The head of the Evansville Environmental Protection Agency told a reporter today that if he were to issue an alert every time pollution levels might exceed the standard that he would be issuing alerts “so often it analyze its significance.” For decades local officials have been reluctant to issue alerts when warranted because they have claimed that it would be bad for economic development, assuming that potential business suitors would not want to locate in an area with sustained air pollution problems.
It has been the position of Valley Watch that people should be notified when air quality is bad before it gets worse and that both local and state agencies have a moral obligation to protect people’s health the best they can.
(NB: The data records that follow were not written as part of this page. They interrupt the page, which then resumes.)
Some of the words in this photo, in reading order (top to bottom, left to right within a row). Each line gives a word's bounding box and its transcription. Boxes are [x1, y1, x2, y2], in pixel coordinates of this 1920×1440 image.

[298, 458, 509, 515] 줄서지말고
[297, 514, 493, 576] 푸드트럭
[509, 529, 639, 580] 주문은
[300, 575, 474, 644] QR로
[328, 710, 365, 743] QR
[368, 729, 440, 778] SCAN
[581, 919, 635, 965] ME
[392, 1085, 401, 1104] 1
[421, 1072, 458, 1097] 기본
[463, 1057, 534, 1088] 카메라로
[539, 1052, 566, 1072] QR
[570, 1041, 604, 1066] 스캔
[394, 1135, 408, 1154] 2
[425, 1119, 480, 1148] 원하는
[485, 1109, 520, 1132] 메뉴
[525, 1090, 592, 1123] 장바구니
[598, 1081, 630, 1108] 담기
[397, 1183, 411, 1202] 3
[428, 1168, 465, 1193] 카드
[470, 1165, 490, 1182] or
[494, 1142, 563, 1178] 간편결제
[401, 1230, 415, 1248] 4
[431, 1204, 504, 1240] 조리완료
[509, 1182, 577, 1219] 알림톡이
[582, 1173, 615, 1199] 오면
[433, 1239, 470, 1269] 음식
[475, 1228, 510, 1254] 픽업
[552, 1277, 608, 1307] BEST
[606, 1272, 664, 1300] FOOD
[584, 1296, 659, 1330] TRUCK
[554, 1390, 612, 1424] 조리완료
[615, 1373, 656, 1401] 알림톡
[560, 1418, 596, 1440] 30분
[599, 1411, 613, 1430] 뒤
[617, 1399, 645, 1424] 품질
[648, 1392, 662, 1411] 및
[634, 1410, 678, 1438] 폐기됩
Apparently that is not a position held by those in charge. Earlier this year the Evansville monitor exceed the 24 hour standard for several hours and although the monitor was recording levels significantly higher than the 24 hour standard, those levels fell before the 24 hour standard was violated. Valley Watch complained to no avail.
Sadly, from 7 PM on July 4 to 6 PM on July 5, Evansville did substantially exceed the 24 hour standard averaging 40.62 µg/m3 after reaching a high on July 4 at 129.64 µg/m3. with zero effort by the EEPA to issue an alert.
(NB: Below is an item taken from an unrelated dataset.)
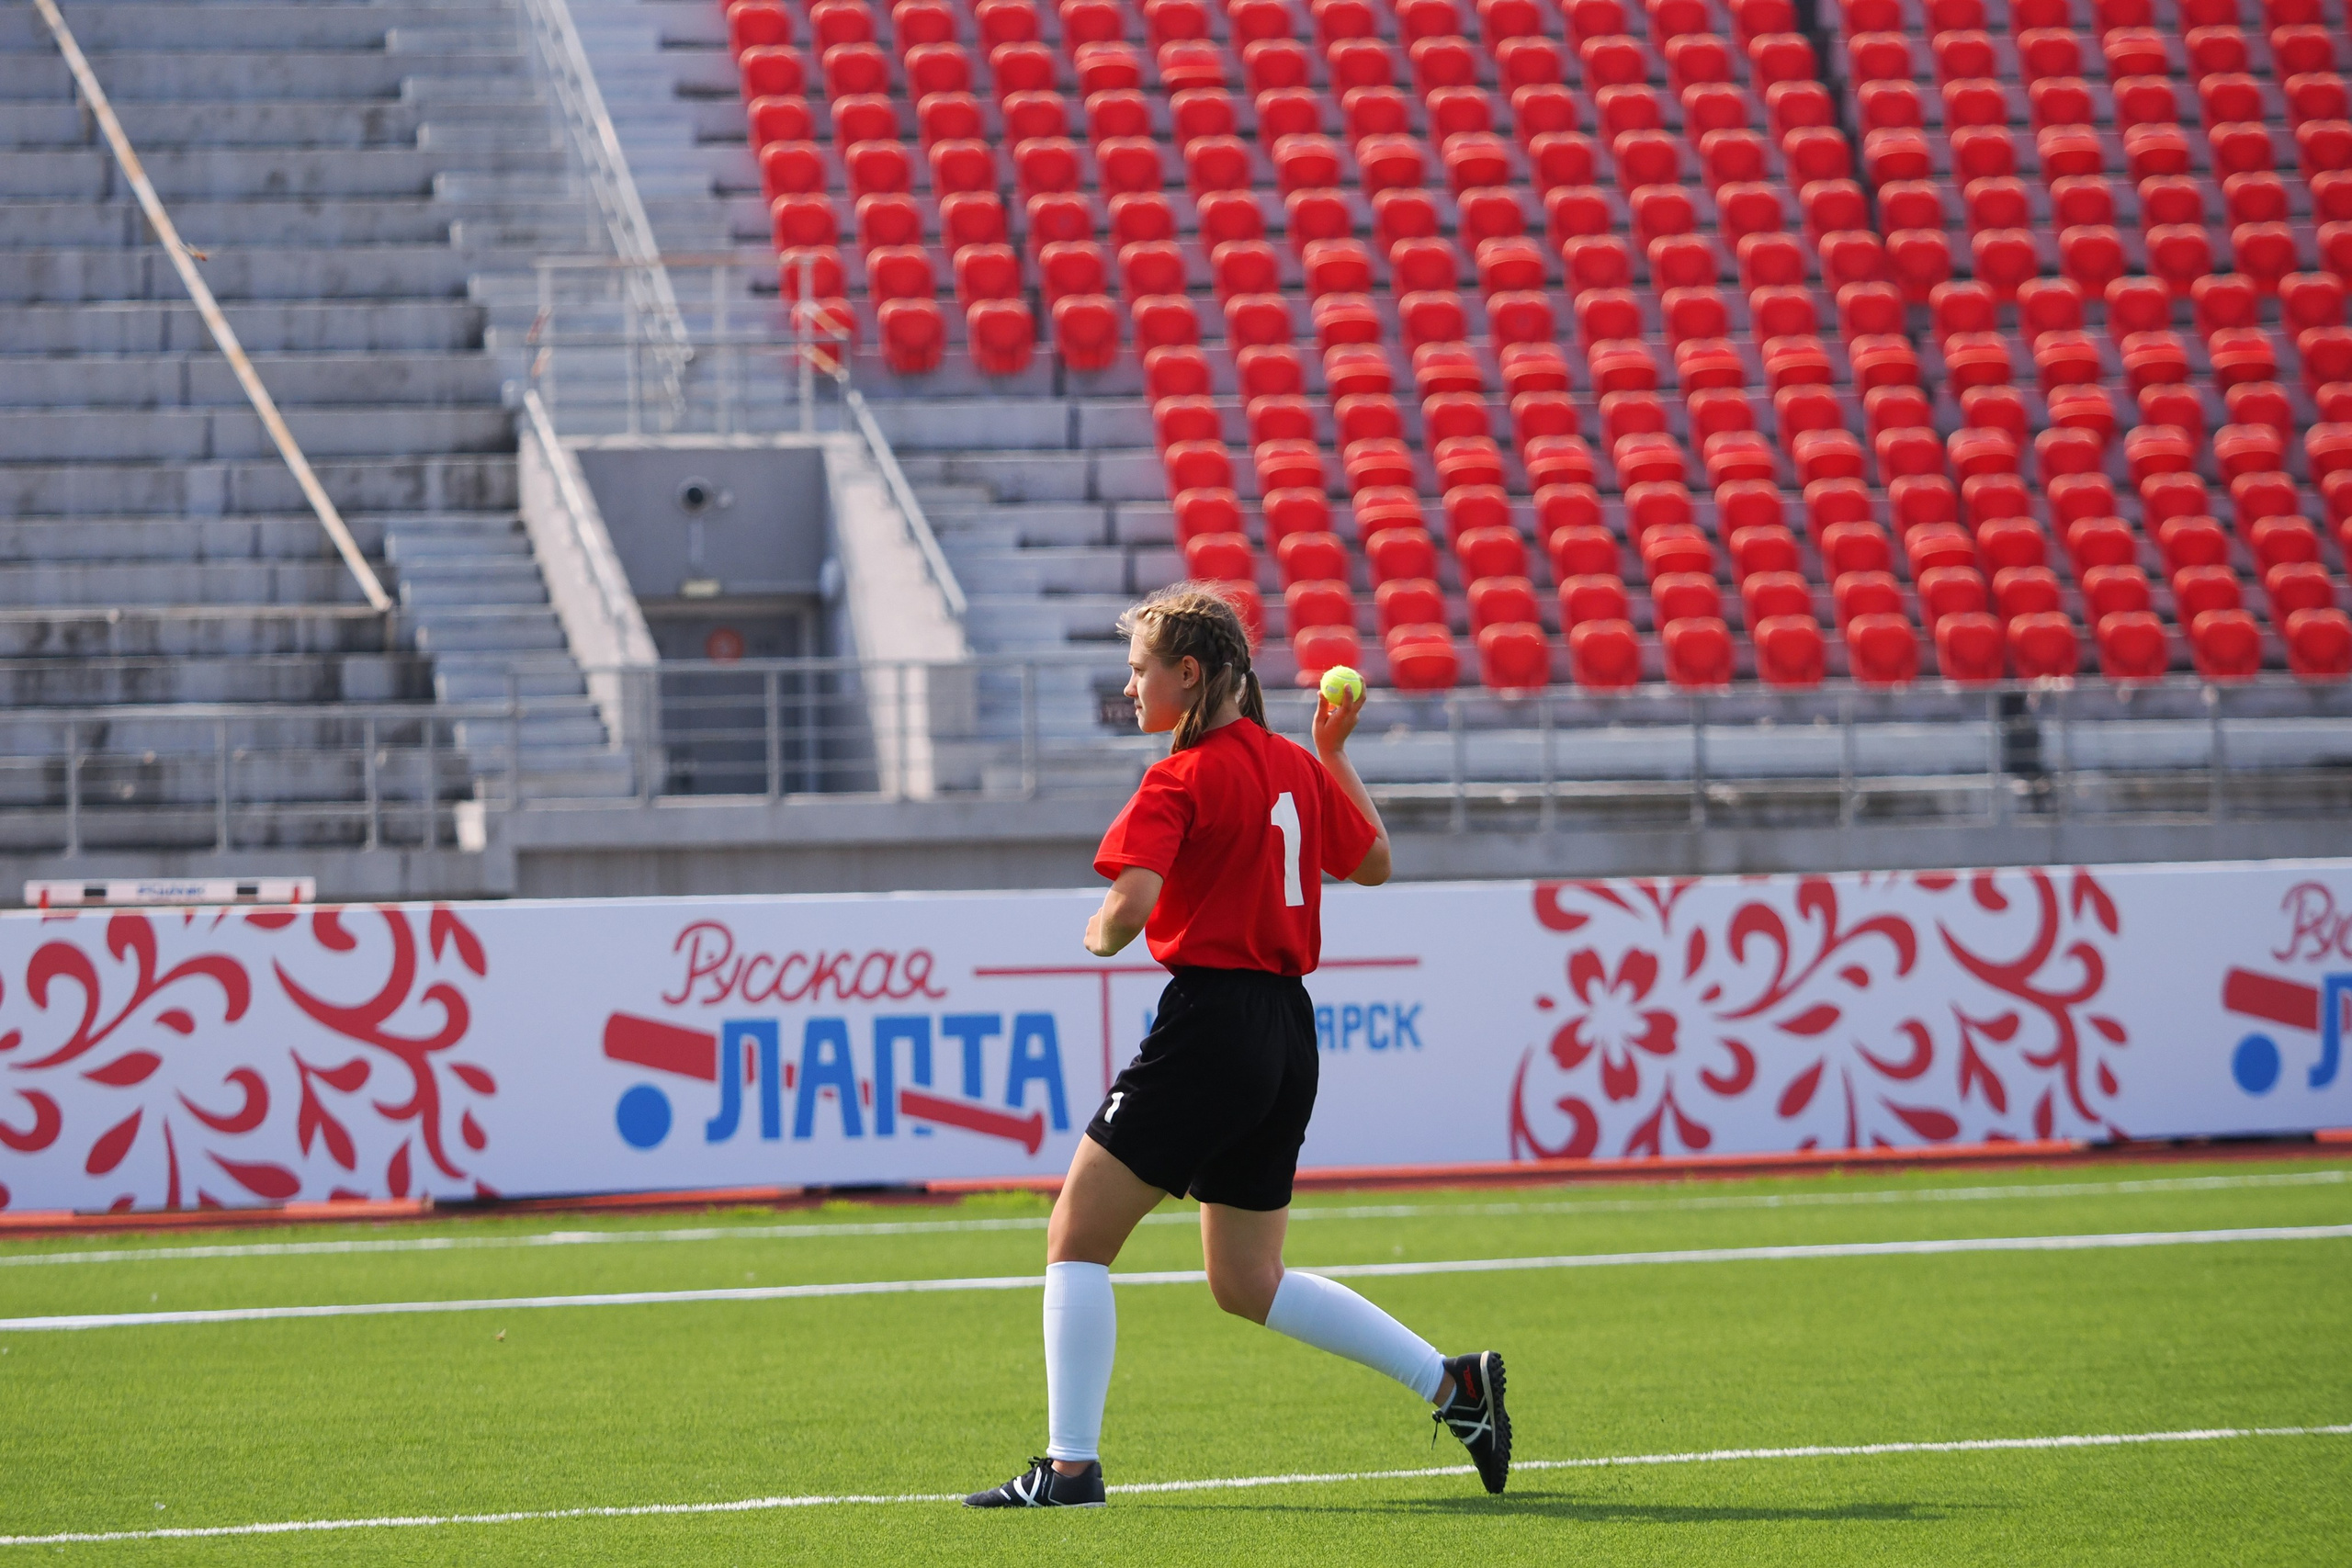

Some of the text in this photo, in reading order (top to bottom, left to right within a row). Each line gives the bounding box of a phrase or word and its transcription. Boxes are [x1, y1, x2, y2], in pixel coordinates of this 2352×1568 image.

[1271, 791, 1305, 907] 1
[662, 919, 947, 1007] Русская
[705, 1010, 1072, 1144] ЛАПТА
[1103, 1091, 1125, 1124] 1
Valley Watch contends the problem lies with the fact that acute exposure to fine particles in a short period also has potential severe health consequences for those who are exposed during the higher levels. If the region is approaching the level established by EPA for a 24 hour standard as it did on July 4 & 5, it seems logical to err on the side of health protection by issuing an alert instead of opting to pretend, “No Problem, Man!”
We are hopeful that both state and local governments will heed our advice and routinely seek to educate people about the health impacts of all pollution, including that which revelers on Independence Day cause. But in this case you should not hold your breath.